El cantante británico regresó al Madison Square Garden para comenzar una serie de 30 conciertos, con un repertorio renovado y una propuesta mucho más bailable.

Harry Styles volvió a uno de los escenarios más emblemáticos de Nueva York. El artista británico inauguró su nueva residencia en el Madison Square Garden, donde ofrecerá un total de 30 conciertos como parte de su gira “Together, Together”.

El primer espectáculo estuvo marcado por importantes cambios frente a las presentaciones anteriores de la gira. Styles renovó buena parte del repertorio e incorporó canciones que no había interpretado previamente en este recorrido, sorprendiendo a sus seguidores desde los primeros minutos del show.

La transformación también llegó al sonido. El cantante apostó por una atmósfera mucho más cercana a la música disco, especialmente a través de las canciones de su álbum Kiss All the Time. Disco, Occasionally. Algunos temas de sus producciones anteriores también recibieron nuevos arreglos para adaptarse a esta estética más bailable.

El concierto comenzó con “Dance No More”, mientras Styles aprovechó uno de sus primeros momentos de interacción con el público para hacer referencia a los New York Knicks, equipo que recientemente celebró un campeonato que llevaba décadas esperando.

Otra de las novedades estuvo en la puesta en escena. En lugar de un escenario tradicional, Styles se presentó sobre una estructura central de forma ovalada, permitiendo una interacción mucho más cercana con las aproximadamente 20.000 personas que llenaron el Madison Square Garden.
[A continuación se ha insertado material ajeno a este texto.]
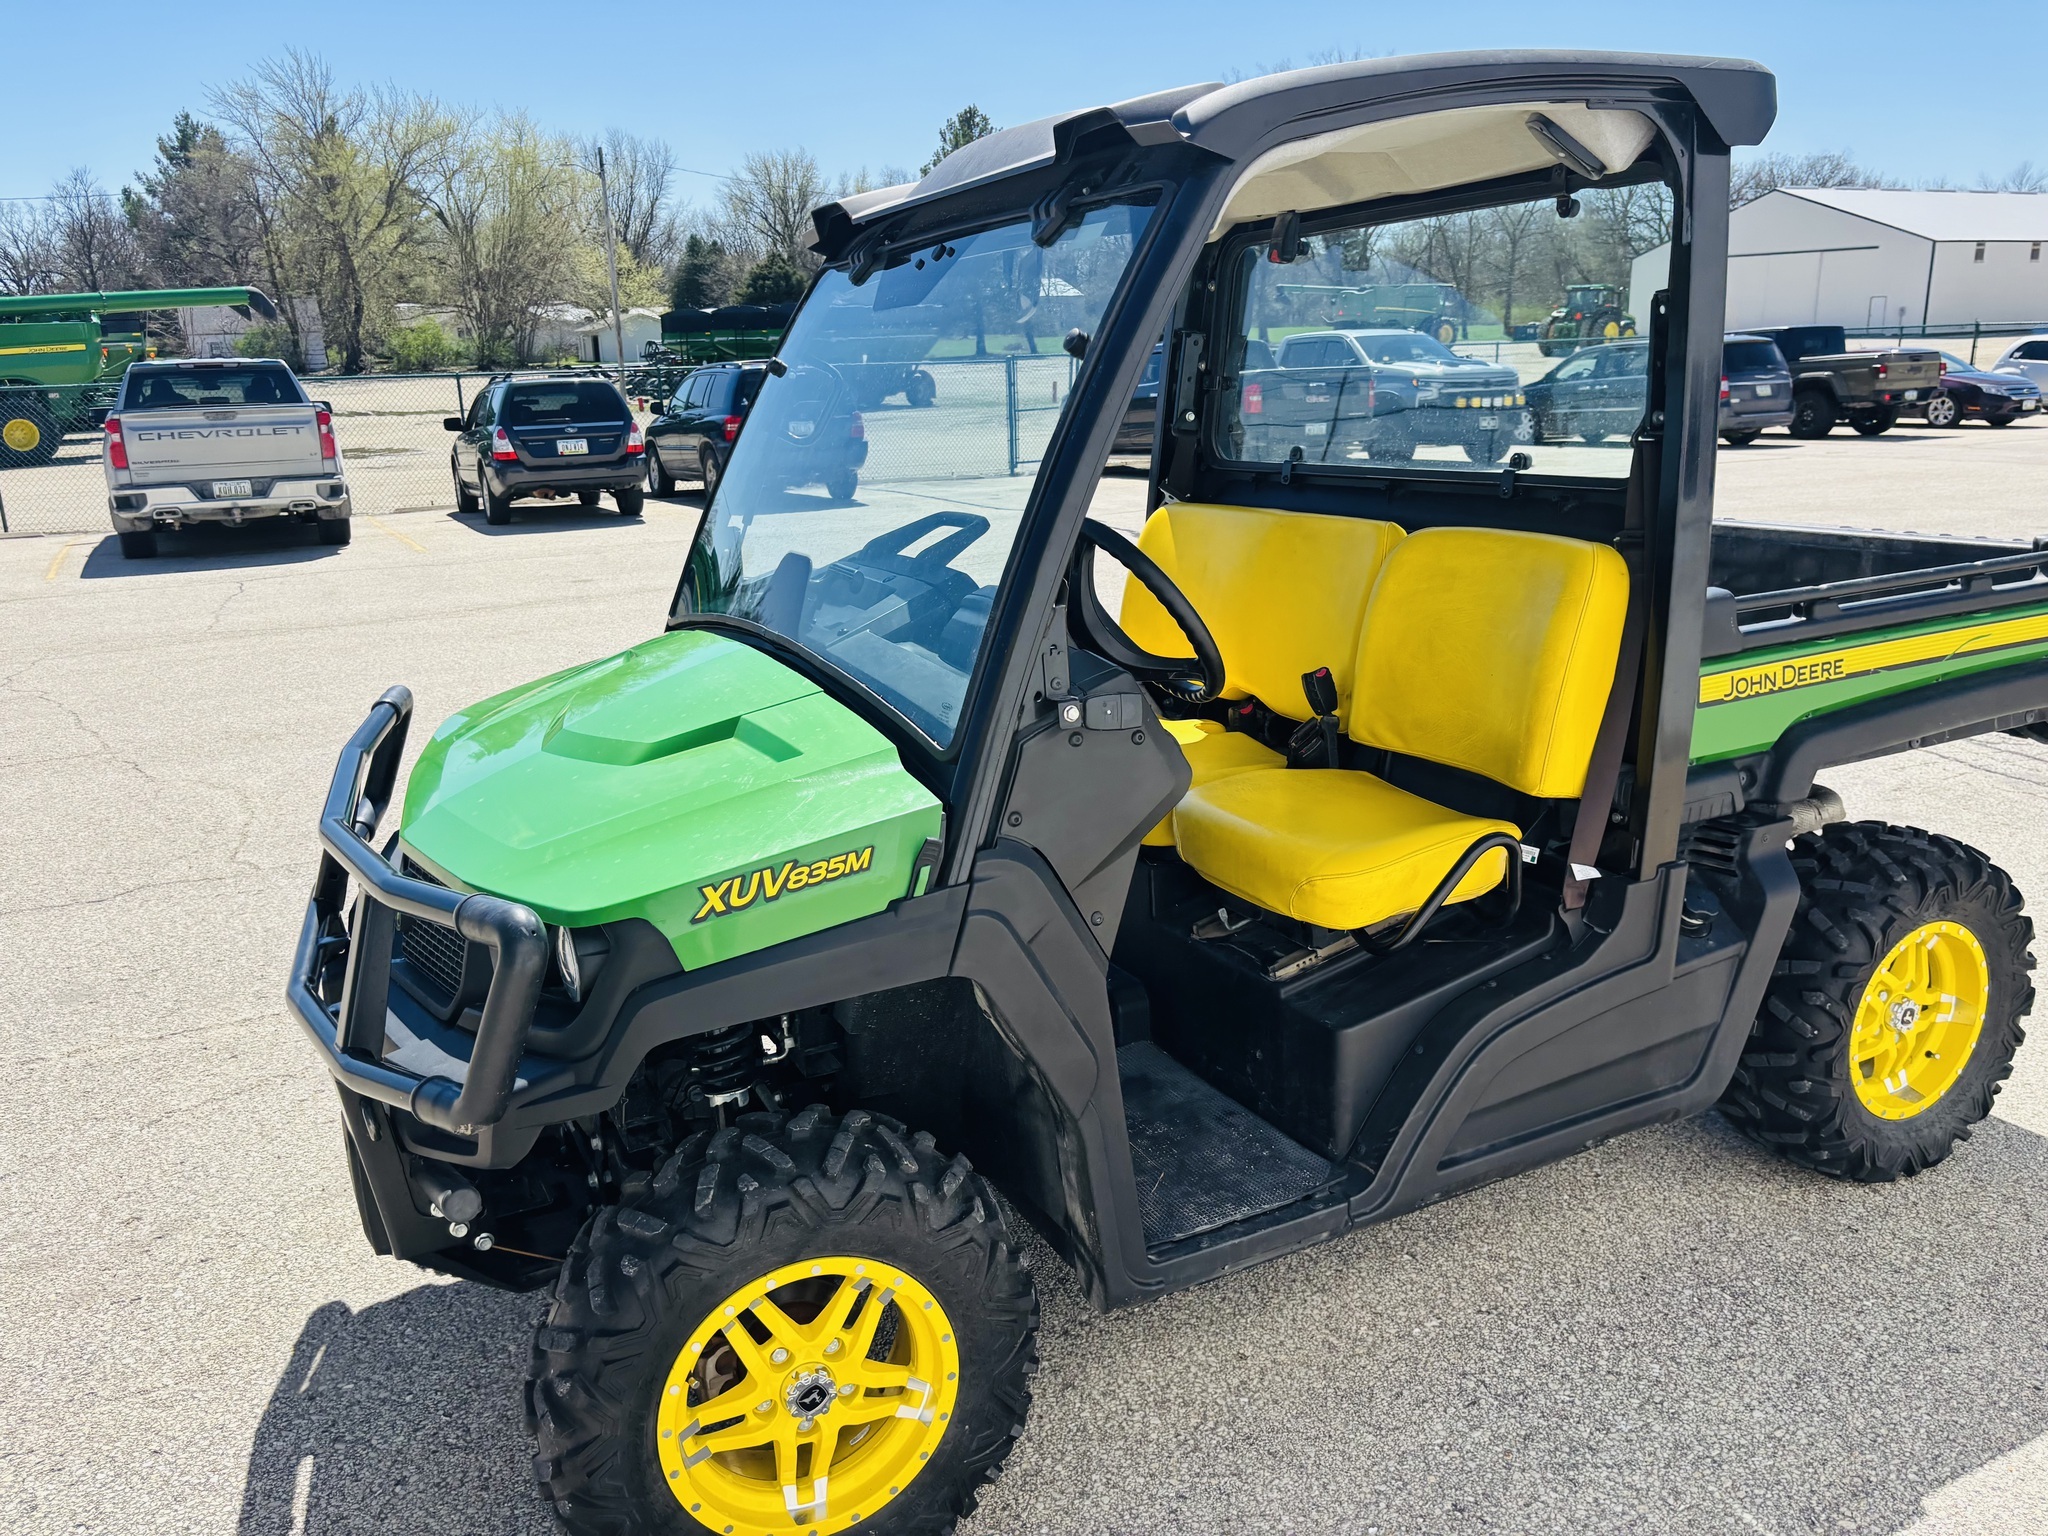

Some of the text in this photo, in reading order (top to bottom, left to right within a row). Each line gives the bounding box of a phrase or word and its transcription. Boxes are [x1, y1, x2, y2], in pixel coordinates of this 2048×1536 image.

[138, 427, 304, 441] CHEVROLET
[1724, 659, 1844, 698] JOHN DEERE
[691, 846, 874, 922] XUV835M
Las luces, el brillo, la energía de la banda y las referencias a la cultura dance fueron protagonistas durante una noche que mostró una nueva faceta del espectáculo del artista.

La residencia representa además el regreso de Harry Styles al Madison Square Garden desde 2022. Los conciertos continuarán durante las próximas semanas y se extenderán hasta octubre, incluyendo una presentación especial en Halloween.

Uno de los detalles que más llamó la atención de los fanáticos fue la ausencia de canciones de One Direction en el repertorio. En esta nueva etapa, Styles parece decidido a concentrarse por completo en su carrera como solista y en la evolución de su propuesta musical.

Con 29 conciertos todavía por delante, Harry Styles tiene por delante varias semanas para convertir nuevamente al Madison Square Garden en su propia pista de baile.